The general insurance industry’s after-tax profit climbed to $7.3 billion last financial year, its strongest result in more than a decade, driven by catastrophe losses falling below expectations and strong investment returns, actuarial group Taylor Fry says.

The result follows strong earnings a year earlier, when Australian Prudential Regulation Authority data was available for only three quarters due to accounting changes. Based on a comparable nine months to June 30 this year, profits rose by one-third to $5.2 billion. 

Taylor Fry, which today released its annual Radar report, expects escalating earnings will increase the focus on pricing practices and fairness, and consumers may raise questions amid affordability pressures.

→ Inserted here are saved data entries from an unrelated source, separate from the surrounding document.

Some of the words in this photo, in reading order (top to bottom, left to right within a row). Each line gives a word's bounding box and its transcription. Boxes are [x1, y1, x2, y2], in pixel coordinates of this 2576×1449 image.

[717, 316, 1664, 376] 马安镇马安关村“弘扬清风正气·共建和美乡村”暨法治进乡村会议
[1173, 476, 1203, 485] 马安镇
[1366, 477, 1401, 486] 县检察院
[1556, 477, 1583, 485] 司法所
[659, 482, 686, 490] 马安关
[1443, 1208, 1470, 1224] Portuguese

Principal Scott Duncan says it is critical not to view insurance through a one-year window, as the industry experienced recent tough years, and catastrophe experience and investment returns may not be as favourable in future.

“By its very nature, insurance is a volatile business, and insurance acts as a shock absorber for households and the broader economy,” he said.  

Taylor Fry’s longer-term examination of share prices shows the sector has matched the broader market over a decade as it absorbs risks.

“Insurers will need to make sure they explain that longer-term view,” Mr Duncan told insuranceNEWS.com.au. “I think they’ve done a good job of that so far, but it’s an important part of the conversation.”  

Primary insurers recorded a $6.7 billion profit last financial year, with previous double-digit premium increases and reserve releases contributing.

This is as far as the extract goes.